> [BRIEF]: Without omitting anything, copy the data exactly.

> [RECORDS TO USE]:
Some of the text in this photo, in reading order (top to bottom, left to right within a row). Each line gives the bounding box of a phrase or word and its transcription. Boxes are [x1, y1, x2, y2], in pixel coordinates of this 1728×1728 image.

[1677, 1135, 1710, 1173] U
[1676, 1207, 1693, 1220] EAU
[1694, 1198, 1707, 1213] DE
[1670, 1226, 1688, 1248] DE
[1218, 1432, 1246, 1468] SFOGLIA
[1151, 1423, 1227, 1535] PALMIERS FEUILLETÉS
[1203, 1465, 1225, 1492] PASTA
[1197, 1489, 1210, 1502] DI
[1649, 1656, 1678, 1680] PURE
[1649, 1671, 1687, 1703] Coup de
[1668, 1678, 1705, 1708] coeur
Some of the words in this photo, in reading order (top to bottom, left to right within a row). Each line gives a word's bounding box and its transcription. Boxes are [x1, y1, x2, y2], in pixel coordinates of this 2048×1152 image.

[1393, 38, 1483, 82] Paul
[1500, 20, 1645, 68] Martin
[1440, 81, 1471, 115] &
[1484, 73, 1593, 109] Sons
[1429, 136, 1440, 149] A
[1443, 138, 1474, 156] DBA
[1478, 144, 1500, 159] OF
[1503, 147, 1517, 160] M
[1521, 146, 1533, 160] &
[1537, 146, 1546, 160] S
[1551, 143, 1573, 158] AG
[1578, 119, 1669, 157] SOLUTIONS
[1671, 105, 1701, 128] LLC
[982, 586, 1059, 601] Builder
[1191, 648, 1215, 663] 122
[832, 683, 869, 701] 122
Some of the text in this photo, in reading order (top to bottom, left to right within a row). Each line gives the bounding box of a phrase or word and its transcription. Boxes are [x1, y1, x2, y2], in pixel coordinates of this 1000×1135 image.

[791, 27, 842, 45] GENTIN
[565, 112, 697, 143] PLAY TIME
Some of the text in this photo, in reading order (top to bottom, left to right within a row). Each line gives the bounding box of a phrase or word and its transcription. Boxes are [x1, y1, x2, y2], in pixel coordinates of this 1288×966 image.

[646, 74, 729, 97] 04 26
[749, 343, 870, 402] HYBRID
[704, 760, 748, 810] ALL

> [YOUR RESPONSE]:
Some of the text in this photo, in reading order (top to bottom, left to right within a row). Each line gives the bounding box of a phrase or word and its transcription. Boxes are [x1, y1, x2, y2], in pixel coordinates of this 1728×1728 image.

[1677, 1135, 1710, 1173] U
[1676, 1207, 1693, 1220] EAU
[1694, 1198, 1707, 1213] DE
[1670, 1226, 1688, 1248] DE
[1218, 1432, 1246, 1468] SFOGLIA
[1151, 1423, 1227, 1535] PALMIERS FEUILLETÉS
[1203, 1465, 1225, 1492] PASTA
[1197, 1489, 1210, 1502] DI
[1649, 1656, 1678, 1680] PURE
[1649, 1671, 1687, 1703] Coup de
[1668, 1678, 1705, 1708] coeur
Some of the words in this photo, in reading order (top to bottom, left to right within a row). Each line gives a word's bounding box and its transcription. Boxes are [x1, y1, x2, y2], in pixel coordinates of this 2048×1152 image.

[1393, 38, 1483, 82] Paul
[1500, 20, 1645, 68] Martin
[1440, 81, 1471, 115] &
[1484, 73, 1593, 109] Sons
[1429, 136, 1440, 149] A
[1443, 138, 1474, 156] DBA
[1478, 144, 1500, 159] OF
[1503, 147, 1517, 160] M
[1521, 146, 1533, 160] &
[1537, 146, 1546, 160] S
[1551, 143, 1573, 158] AG
[1578, 119, 1669, 157] SOLUTIONS
[1671, 105, 1701, 128] LLC
[982, 586, 1059, 601] Builder
[1191, 648, 1215, 663] 122
[832, 683, 869, 701] 122
Some of the text in this photo, in reading order (top to bottom, left to right within a row). Each line gives the bounding box of a phrase or word and its transcription. Boxes are [x1, y1, x2, y2], in pixel coordinates of this 1000×1135 image.

[791, 27, 842, 45] GENTIN
[565, 112, 697, 143] PLAY TIME
Some of the text in this photo, in reading order (top to bottom, left to right within a row). Each line gives the bounding box of a phrase or word and its transcription. Boxes are [x1, y1, x2, y2], in pixel coordinates of this 1288×966 image.

[646, 74, 729, 97] 04 26
[749, 343, 870, 402] HYBRID
[704, 760, 748, 810] ALL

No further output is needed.